Kimi and GLM models have coined a new term: Thinkslop. They run a chain of thought that is up to 10x longer than other models and it seems that through a lookback mechanism they are able to use the CoT to reason about solutions to tasks they couldn't otherwise solve.

The downside is of course that they consume many more tokens off your plan, and also that they are significantly slower. Kimi K2.7 takes about 7x longer to finish the same benchmark tasks as DeepSeek V4 Pro on my router benchmarks (https://role-model.dev/).

So for now I'm happy with just two models: GPT and DeepSeek.

> Kimi and GLM models have coined a new term: Thinkslop. > [...] > So for now I'm happy with just two models: GPT and DeepSeek.
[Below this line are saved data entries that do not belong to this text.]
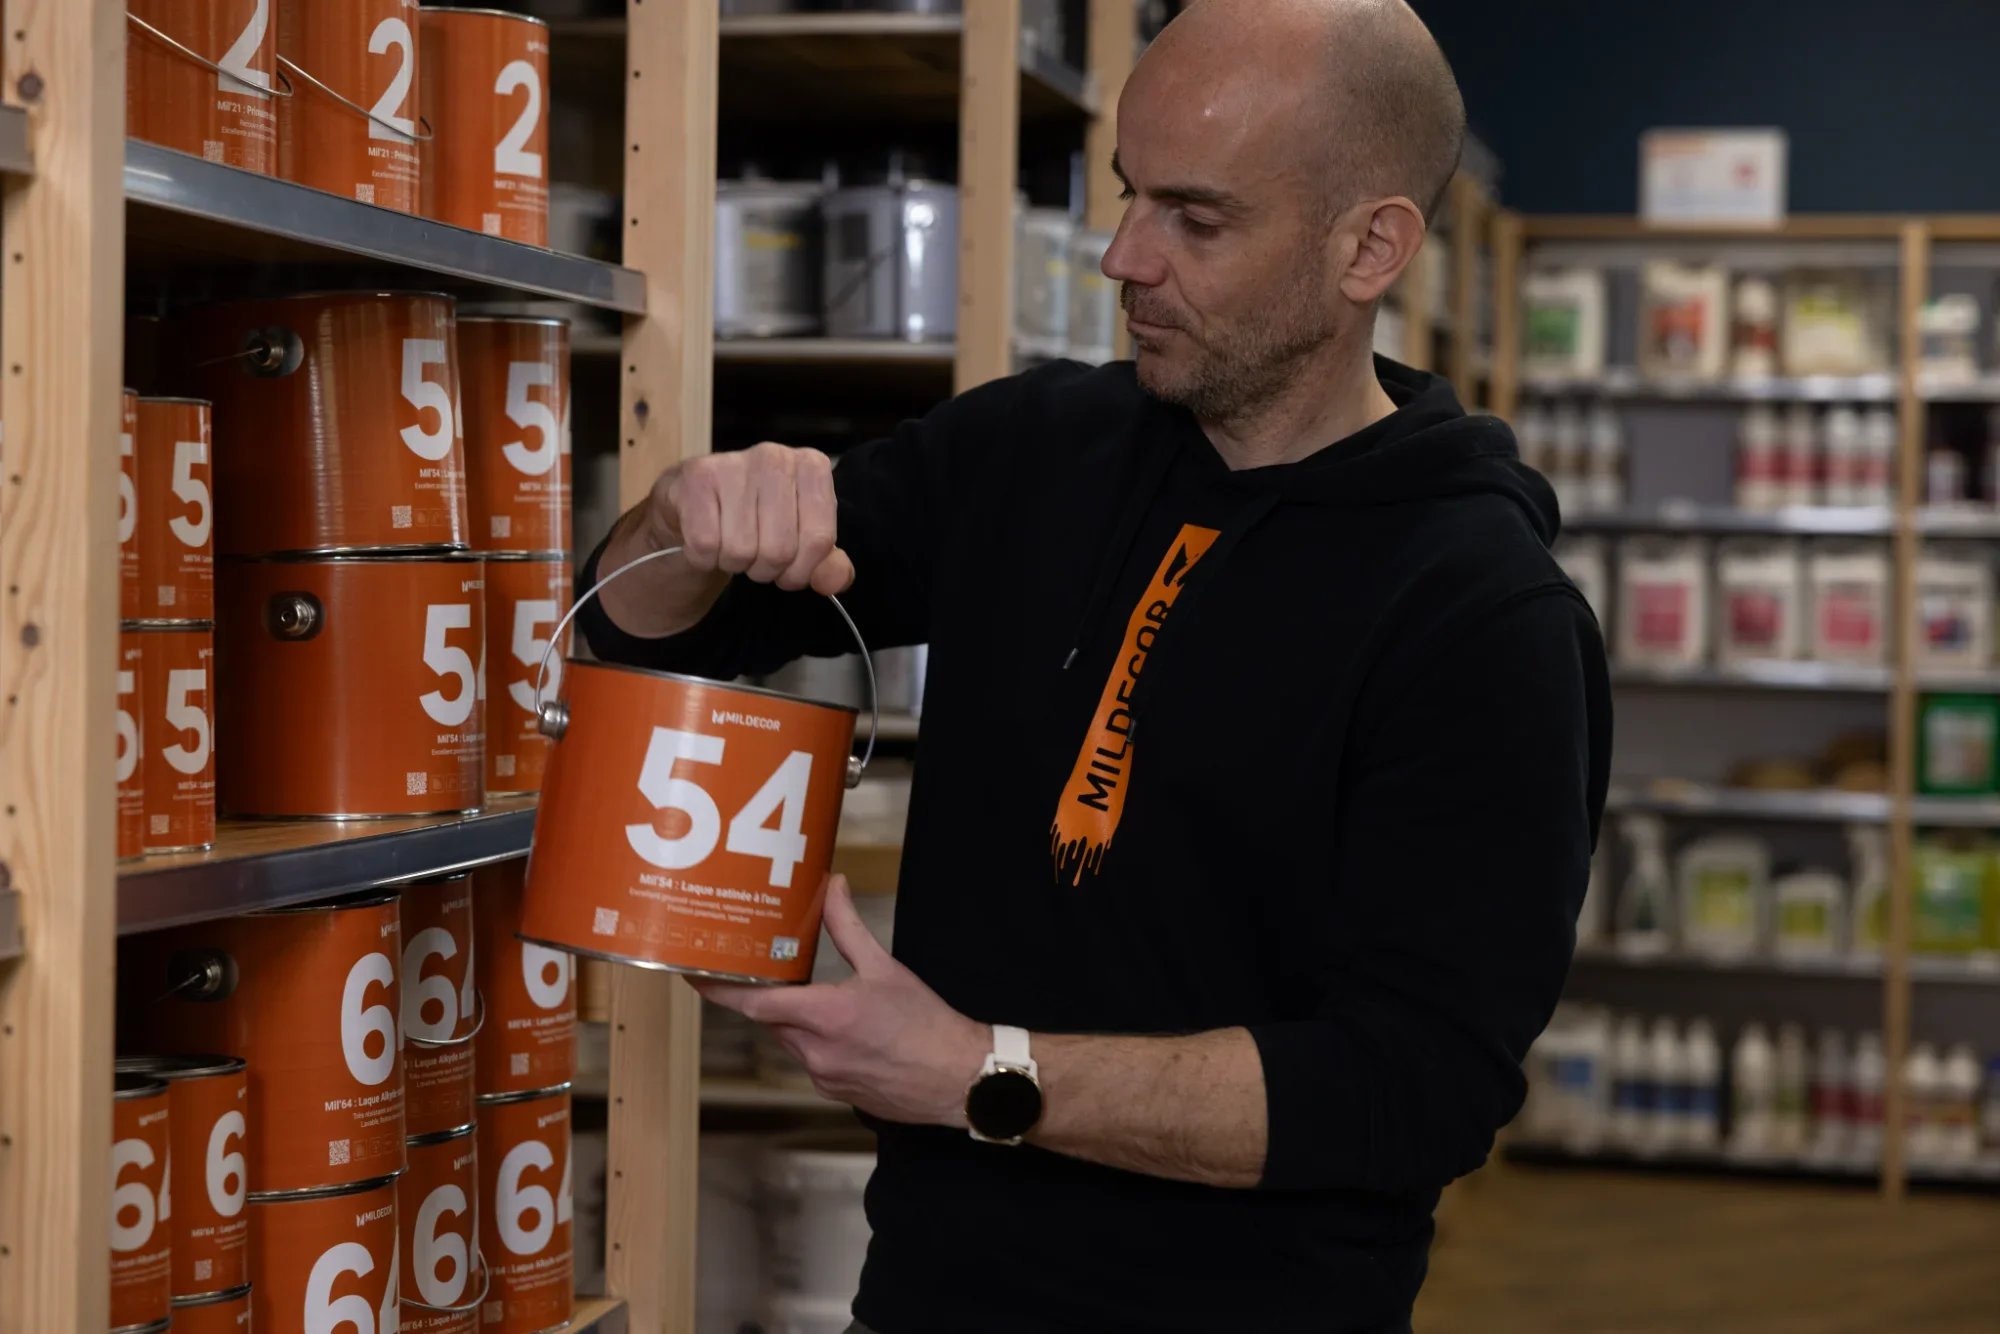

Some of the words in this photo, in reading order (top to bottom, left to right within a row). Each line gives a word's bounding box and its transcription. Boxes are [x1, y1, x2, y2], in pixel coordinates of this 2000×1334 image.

[218, 0, 270, 99] 2
[368, 17, 415, 145] 2
[495, 60, 542, 178] 2
[400, 338, 463, 461] 5
[502, 361, 571, 477] 5
[169, 441, 211, 548] 5
[419, 604, 486, 726] 5
[509, 600, 573, 713] 5
[163, 669, 215, 774] 5
[725, 710, 781, 732] MILDECOR
[625, 725, 814, 889] 54
[681, 880, 714, 897] Laque
[341, 952, 404, 1086] 6
[324, 1098, 353, 1112] Mil'64
[358, 1095, 380, 1106] Laque
[206, 1110, 246, 1217] 6
[413, 1184, 479, 1308] 6
1. DeepSeek V3.2, V4 Flash, V4 Pro, at high or max thinking, ... when recommending a model it should always be a precise model, not just an AI lab

2. DeepSeek V4 Flash at max thinking is the most verbose model (among top models) in the AA benchmarks. See the "Intelligence Index Token Use" chart: [1]
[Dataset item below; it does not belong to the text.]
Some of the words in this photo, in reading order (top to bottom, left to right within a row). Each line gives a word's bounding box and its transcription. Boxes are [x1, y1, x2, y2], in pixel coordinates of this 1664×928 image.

[1]: https://artificialanalysis.ai/models?models=gpt-5-5-high%2Cg...

I said specifically V4 Pro. Flash is not the most verbose, that's more likely to be Kimi.
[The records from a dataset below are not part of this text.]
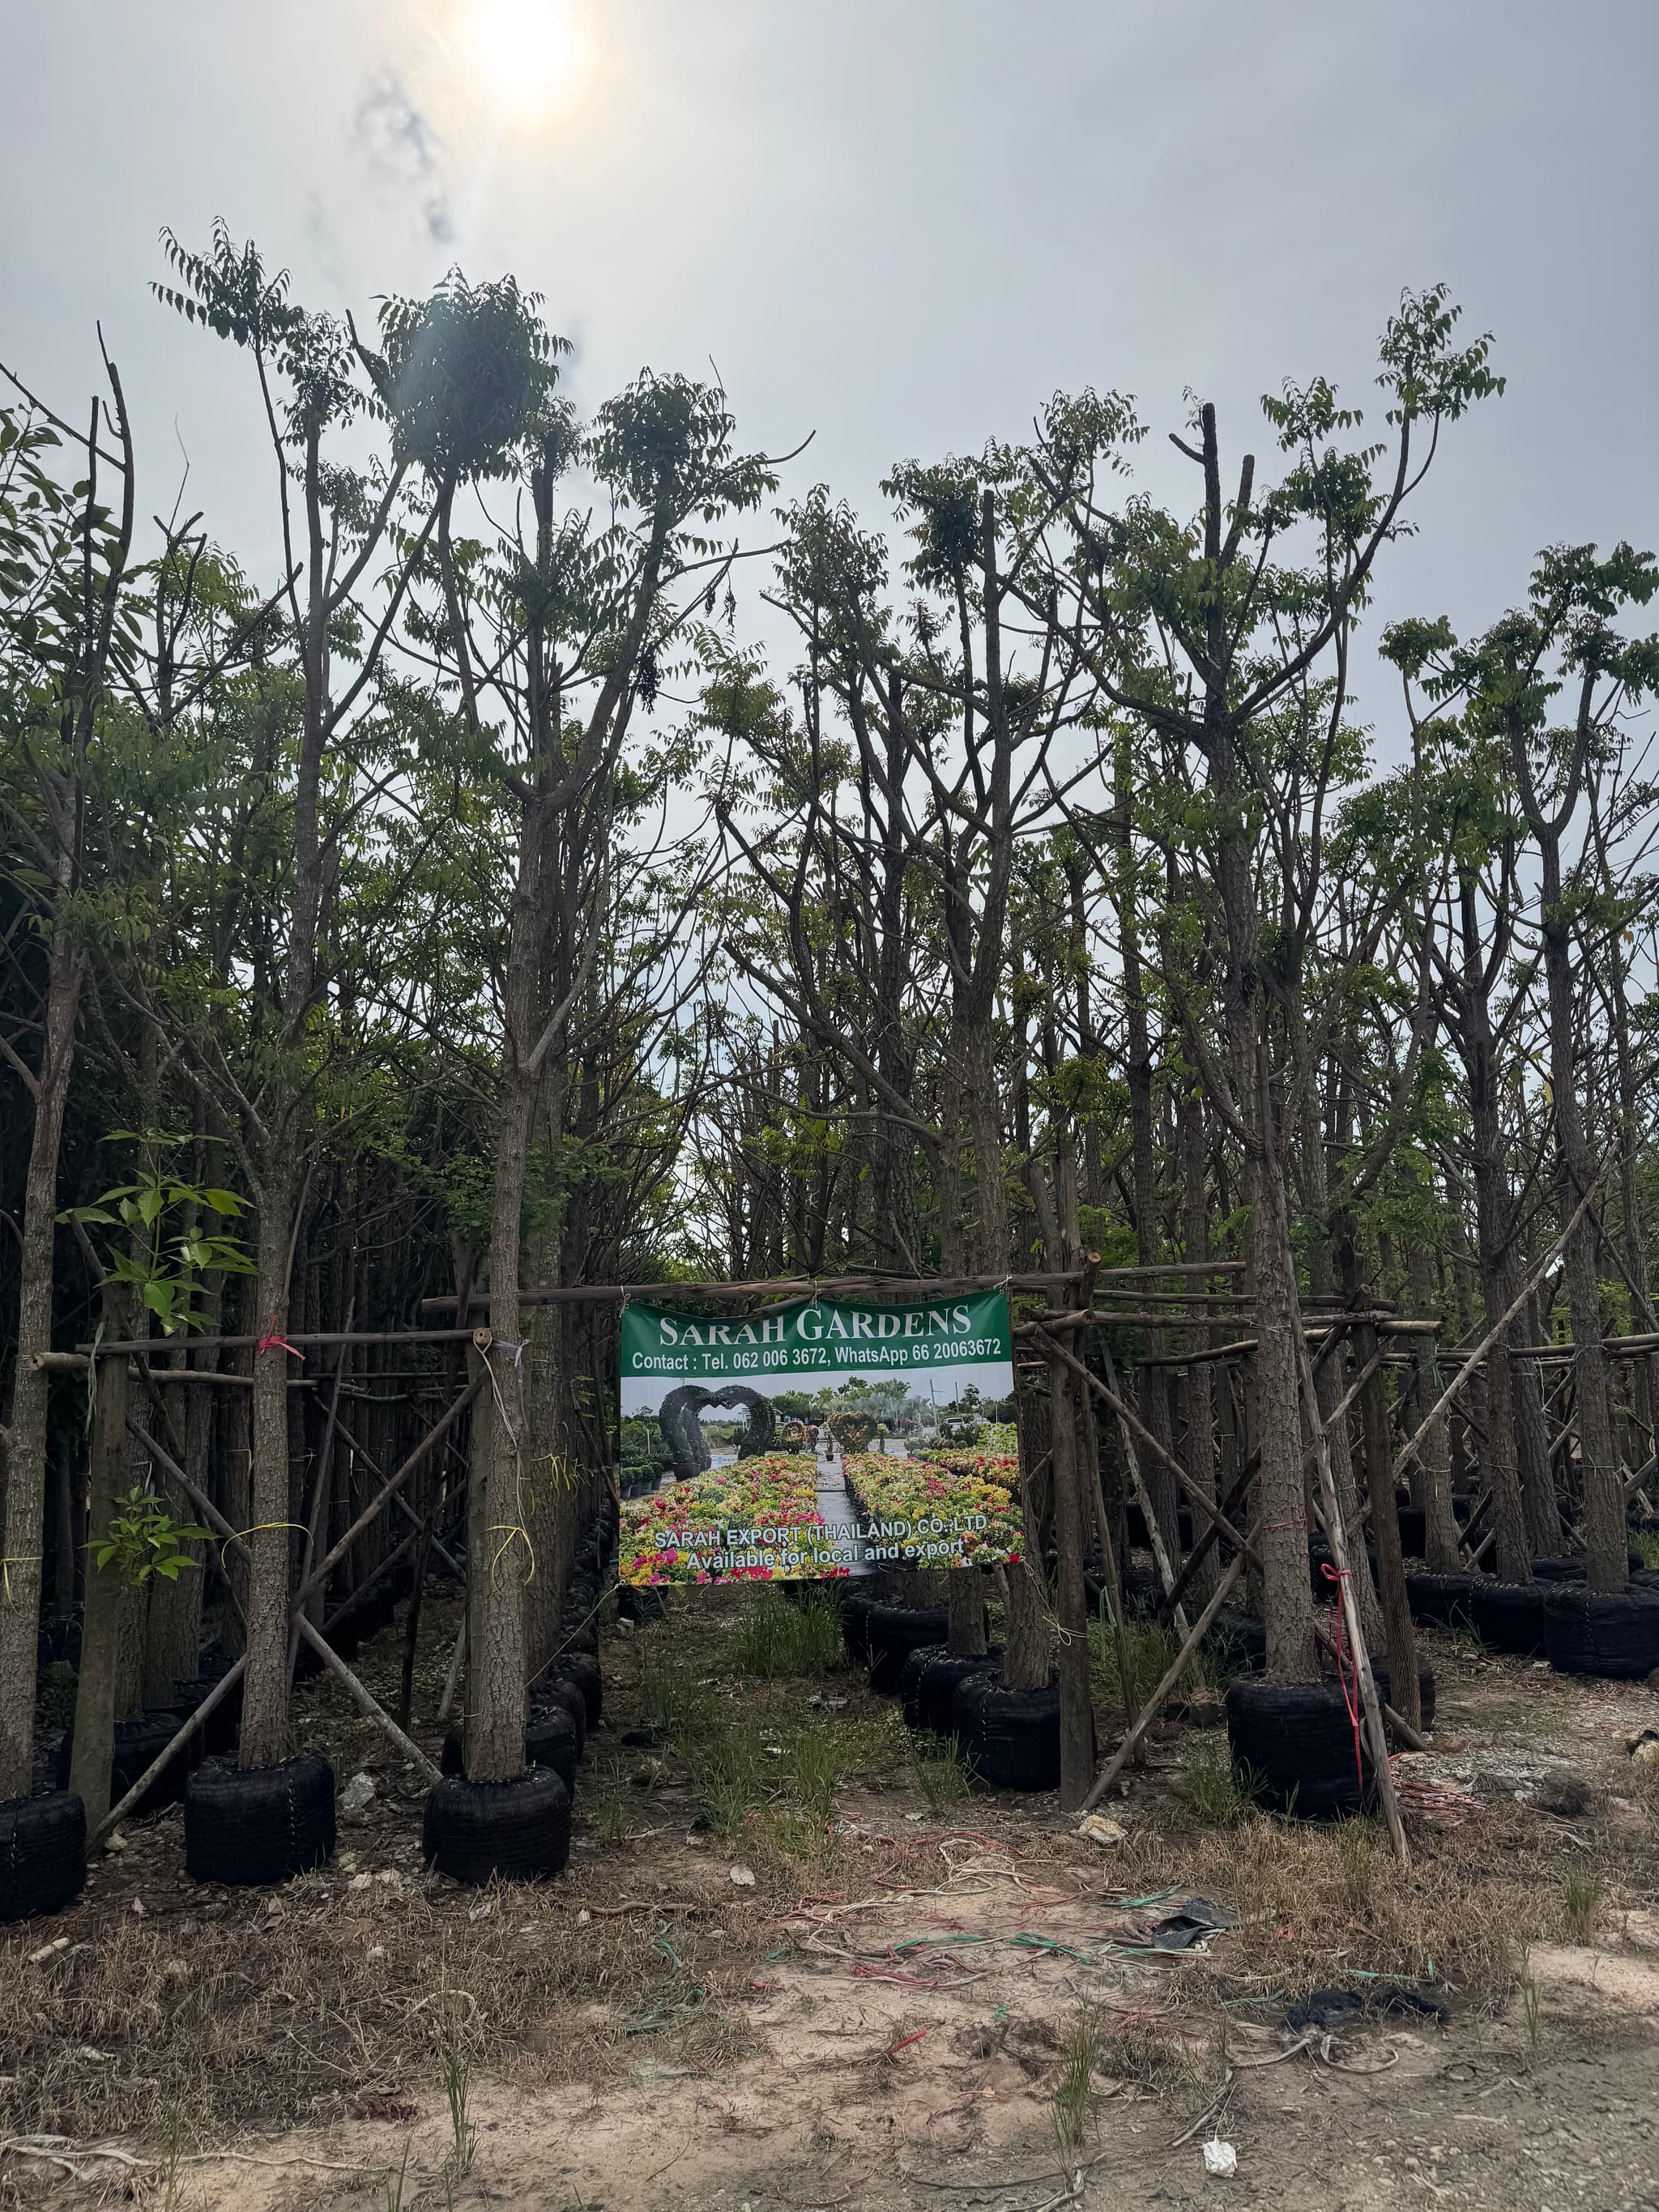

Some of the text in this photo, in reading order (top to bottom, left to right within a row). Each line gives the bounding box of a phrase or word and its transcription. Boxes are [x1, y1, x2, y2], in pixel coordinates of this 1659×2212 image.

[660, 1303, 971, 1346] SARAH GARDENS
[632, 1351, 689, 1370] Contact
[702, 1353, 728, 1370] Tel.
[732, 1352, 759, 1369] 062
[762, 1350, 788, 1366] 006
[792, 1347, 831, 1366] 3672,
[834, 1346, 908, 1366] WhatsApp
[912, 1345, 930, 1362] 66
[933, 1338, 1001, 1360] 20063672
[654, 1529, 720, 1549] SARAH
[727, 1526, 802, 1545] EXPORT
[807, 1519, 912, 1545] (THAILAND)
[686, 1538, 964, 1570] Available for local and export
yeah Kimi K2.7 was doing ok but was painfully slow. The coding plan limits were good though.

I haven't tried deepseek yet, i should check this one out.

After the release of K2.7, the Kimi plan quotas have been reduced by about 80%.

Turning up the thinking (max time spent thinking) lever really changes model performance, even for tiny models. But it's really irritating because it adds a lot of time.